---- Material for this task

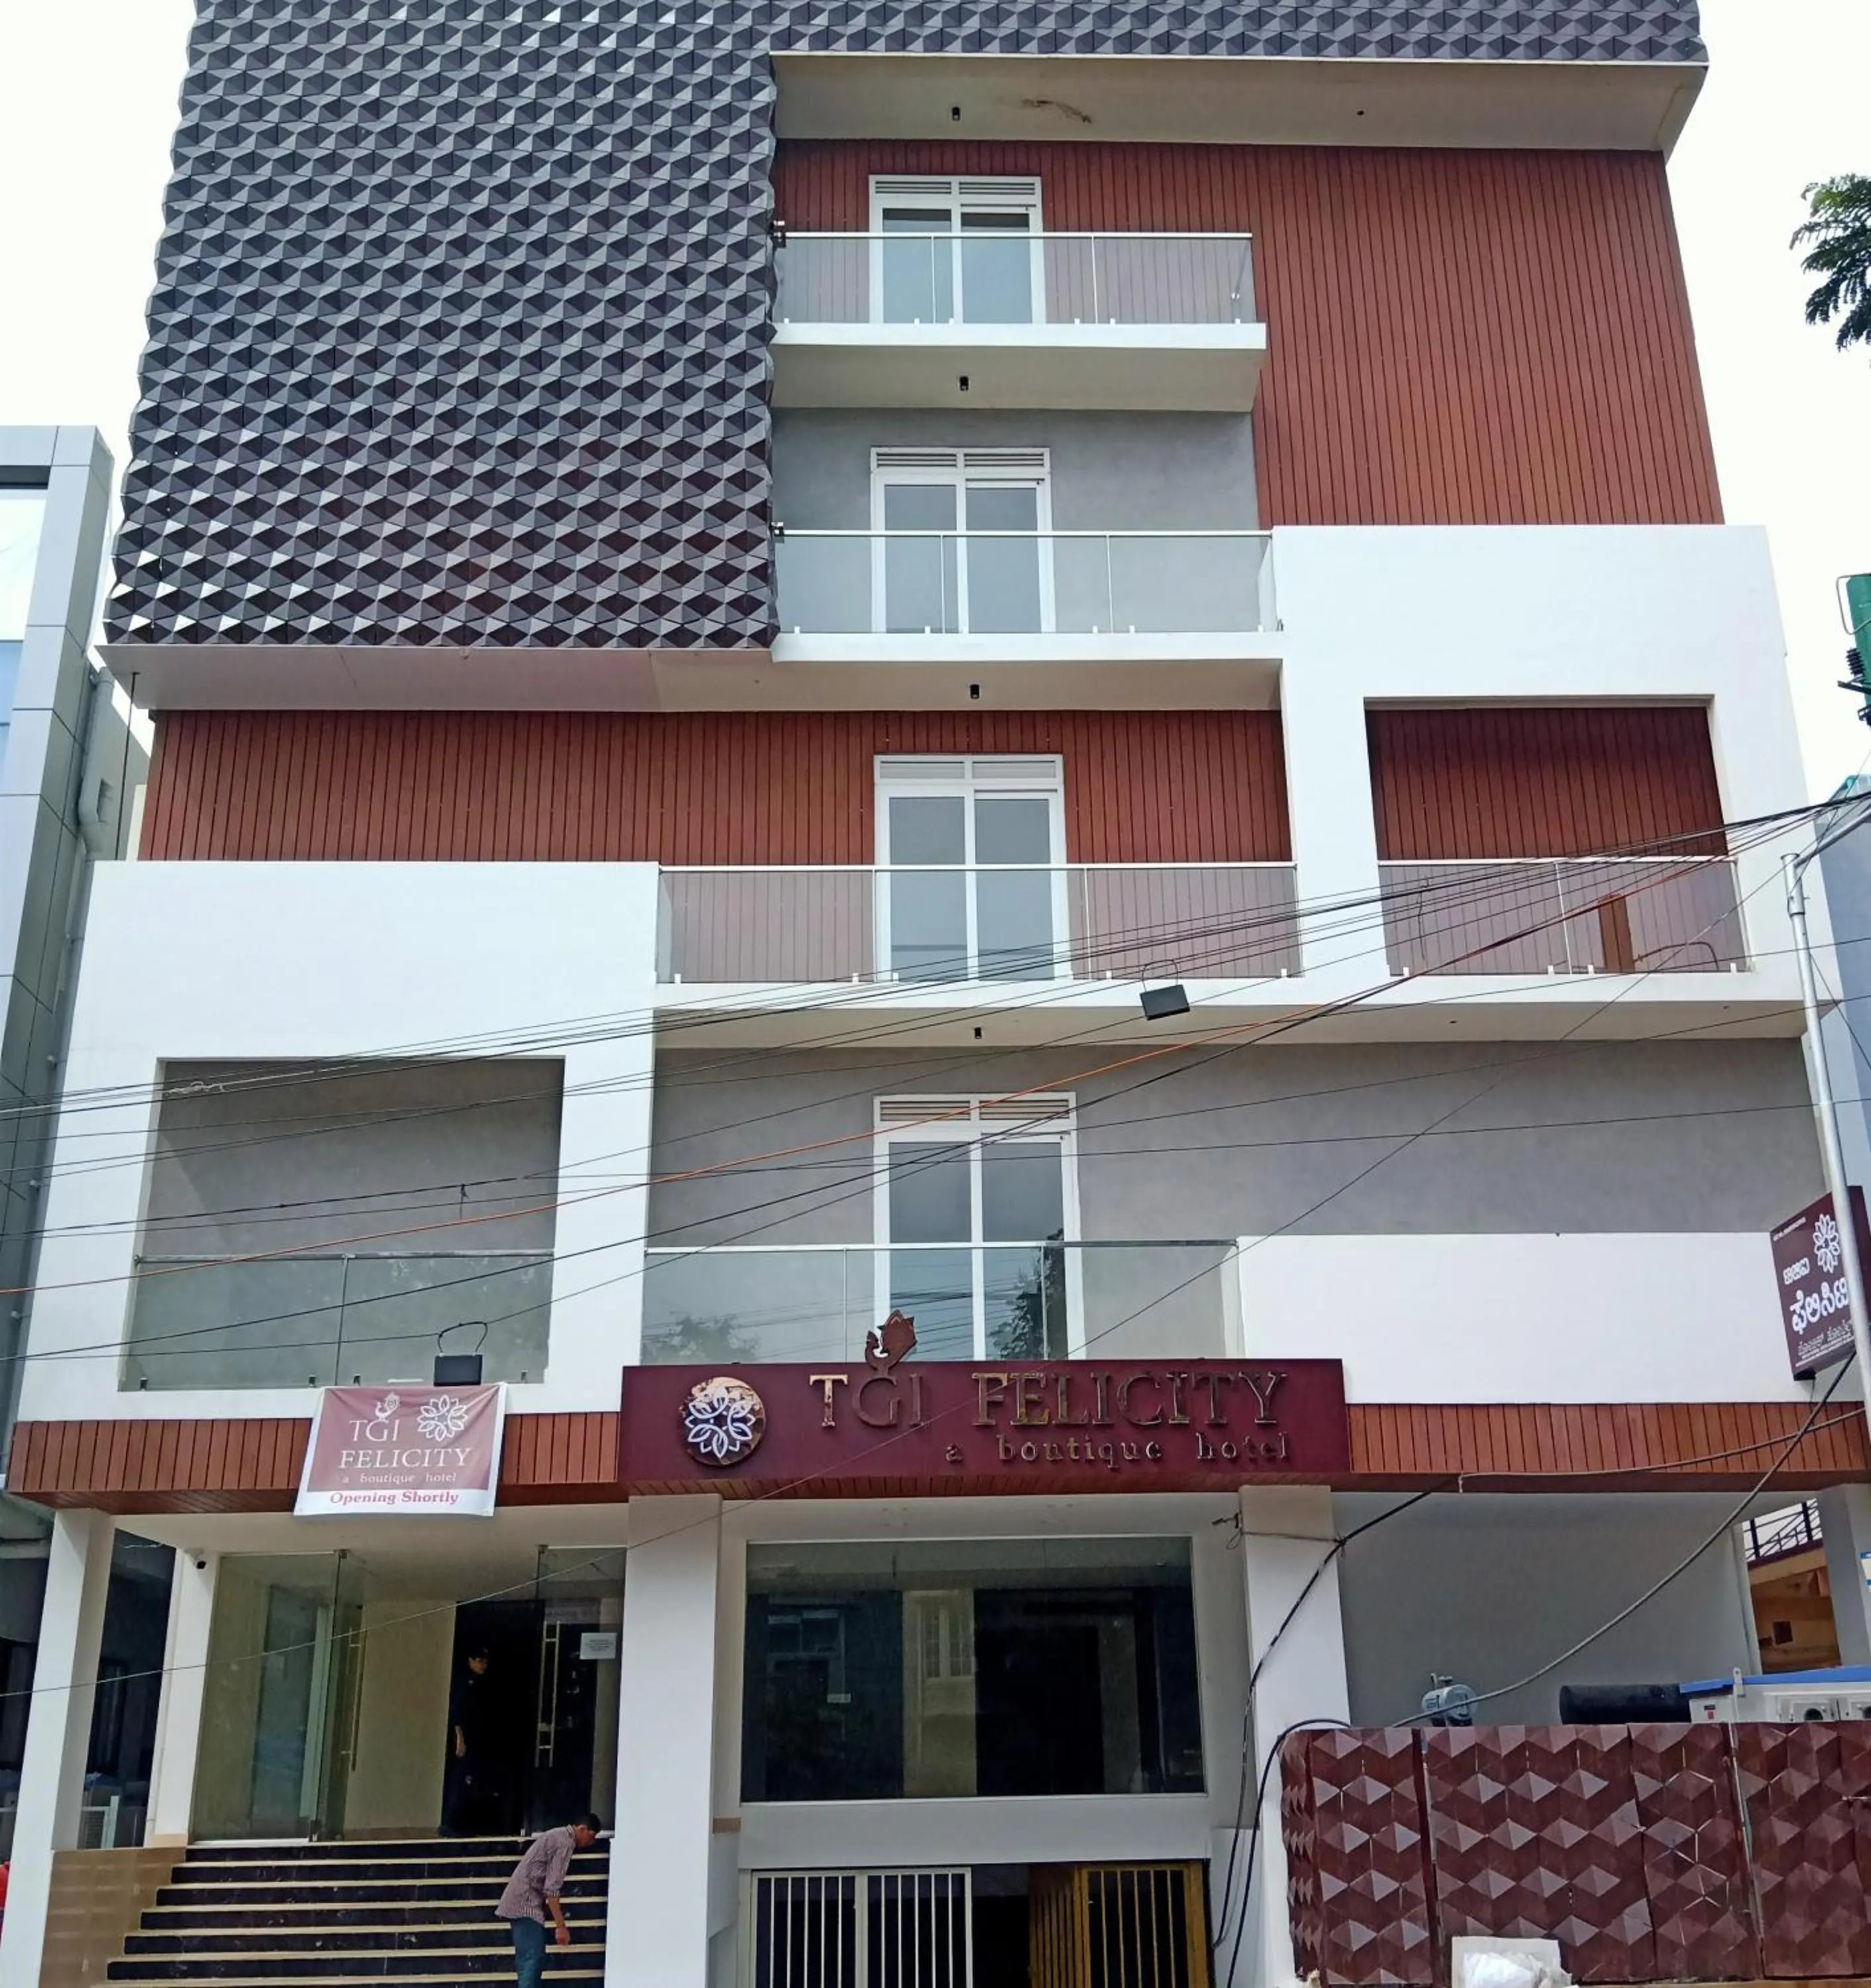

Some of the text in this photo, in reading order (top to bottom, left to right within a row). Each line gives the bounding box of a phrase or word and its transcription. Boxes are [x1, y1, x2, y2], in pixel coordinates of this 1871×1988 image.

[808, 1371, 1288, 1428] TGI FELICITY
[348, 1419, 400, 1442] TGI
[338, 1447, 472, 1469] FELICITY
[945, 1432, 1289, 1469] a boutique hotel
[360, 1472, 416, 1485] boutique
[425, 1472, 457, 1483] hotel
[330, 1488, 459, 1506] Opening Shortly
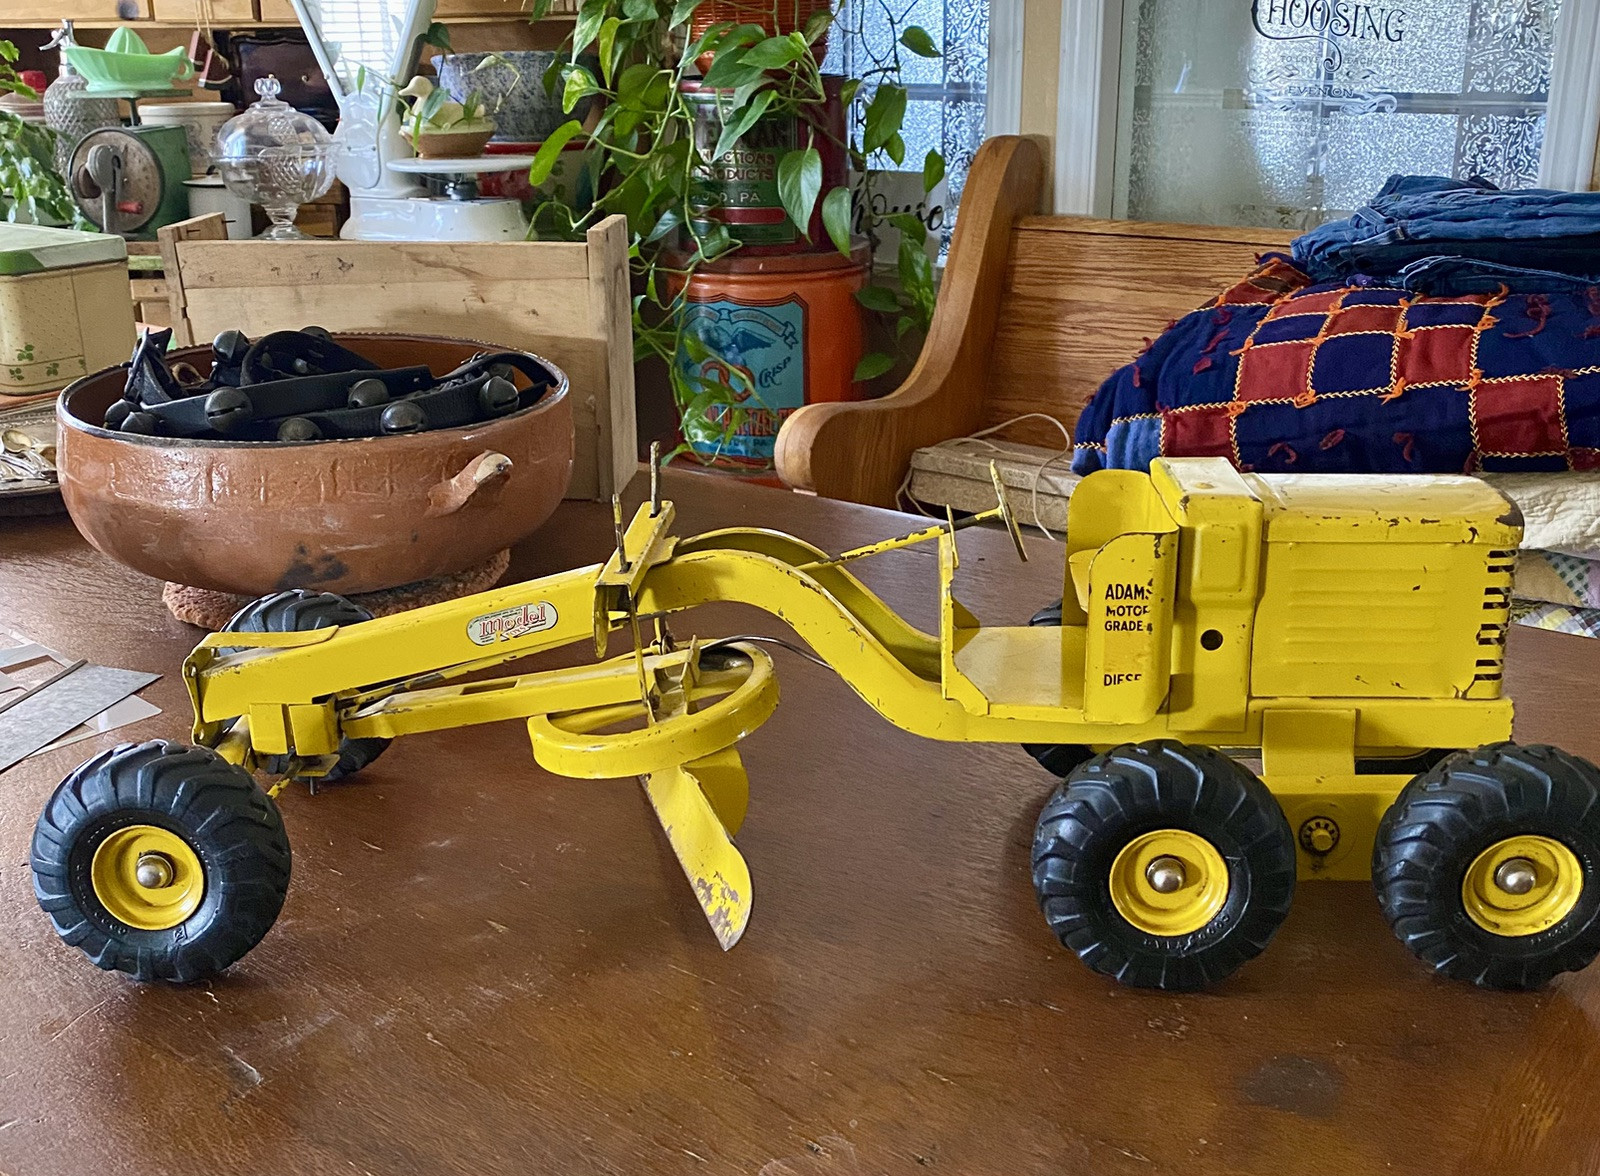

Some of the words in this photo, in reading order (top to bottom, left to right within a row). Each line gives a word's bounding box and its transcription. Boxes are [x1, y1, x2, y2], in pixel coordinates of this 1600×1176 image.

[1251, 0, 1406, 69] CHOOSING
[1287, 86, 1328, 97] EVEN
[1332, 88, 1354, 98] ON
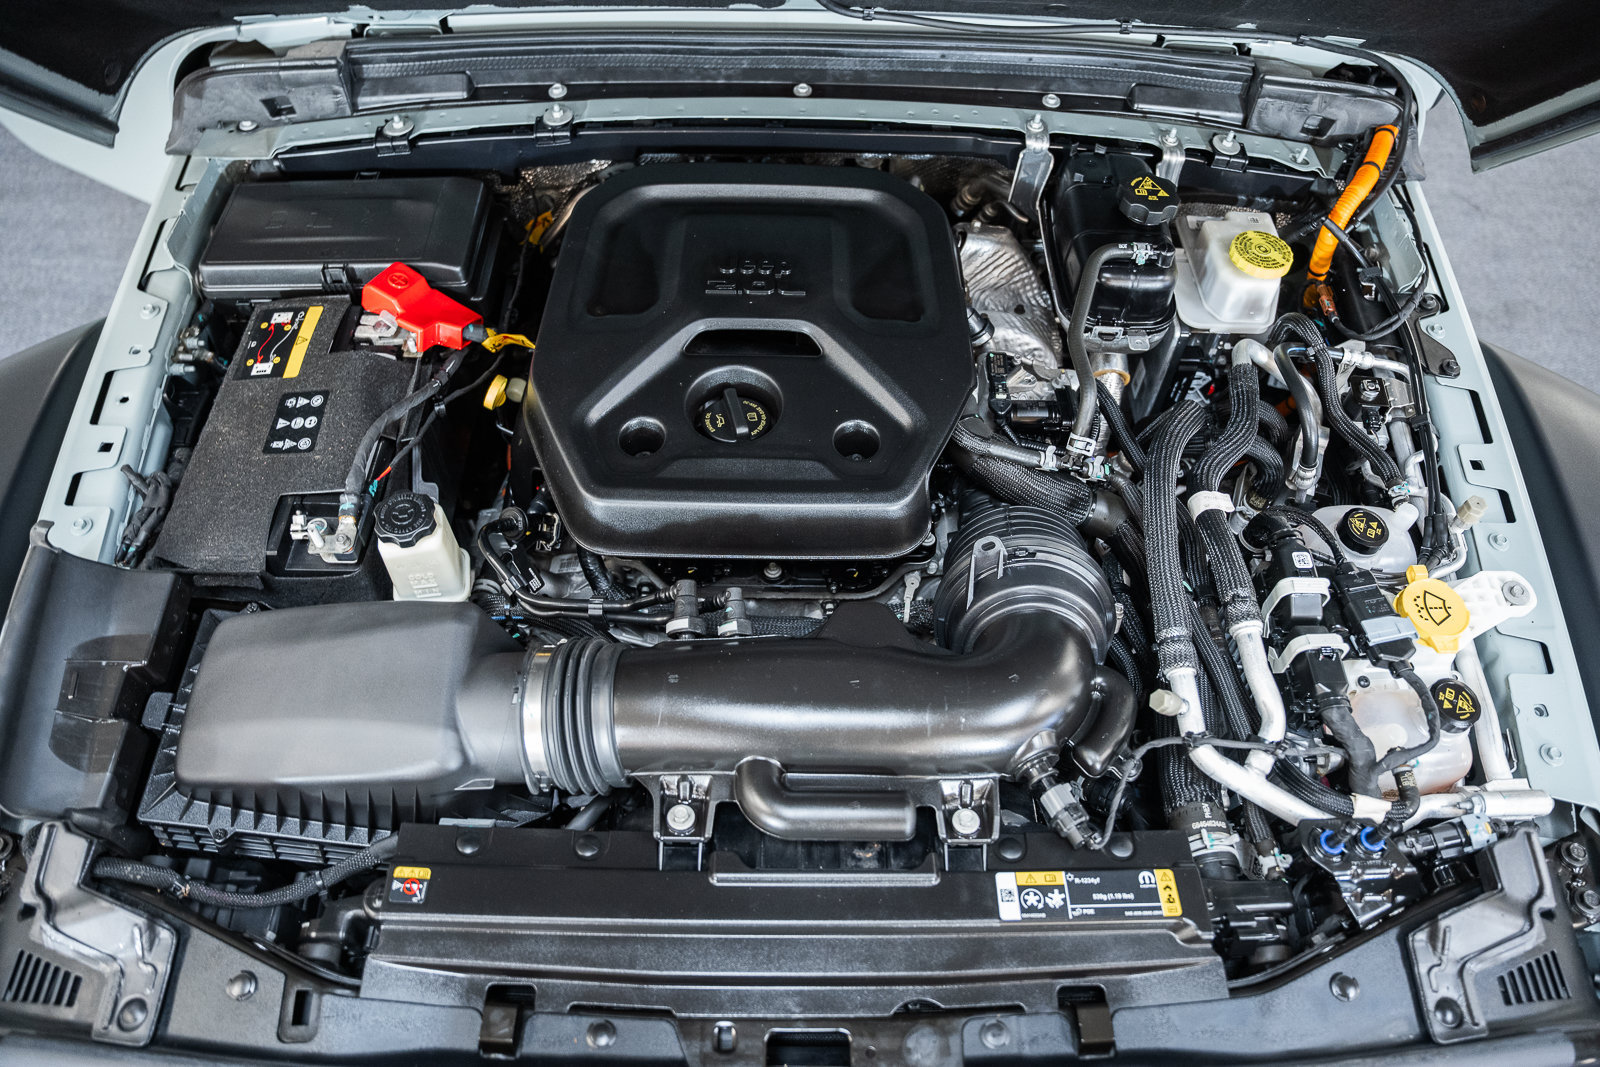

--------

#### What to work on
Exactly the lines from the one containing "Some of the words" to the final line of the entries are wanted; please write them out, both ends included, but not the pictures.

#### Exercise solution
Some of the words in this photo, in reading order (top to bottom, left to right within a row). Each line gives a word's bounding box and its transcription. Boxes are [x1, y1, x2, y2], in pixel coordinates of this 1600×1176 image.

[1251, 0, 1406, 69] CHOOSING
[1287, 86, 1328, 97] EVEN
[1332, 88, 1354, 98] ON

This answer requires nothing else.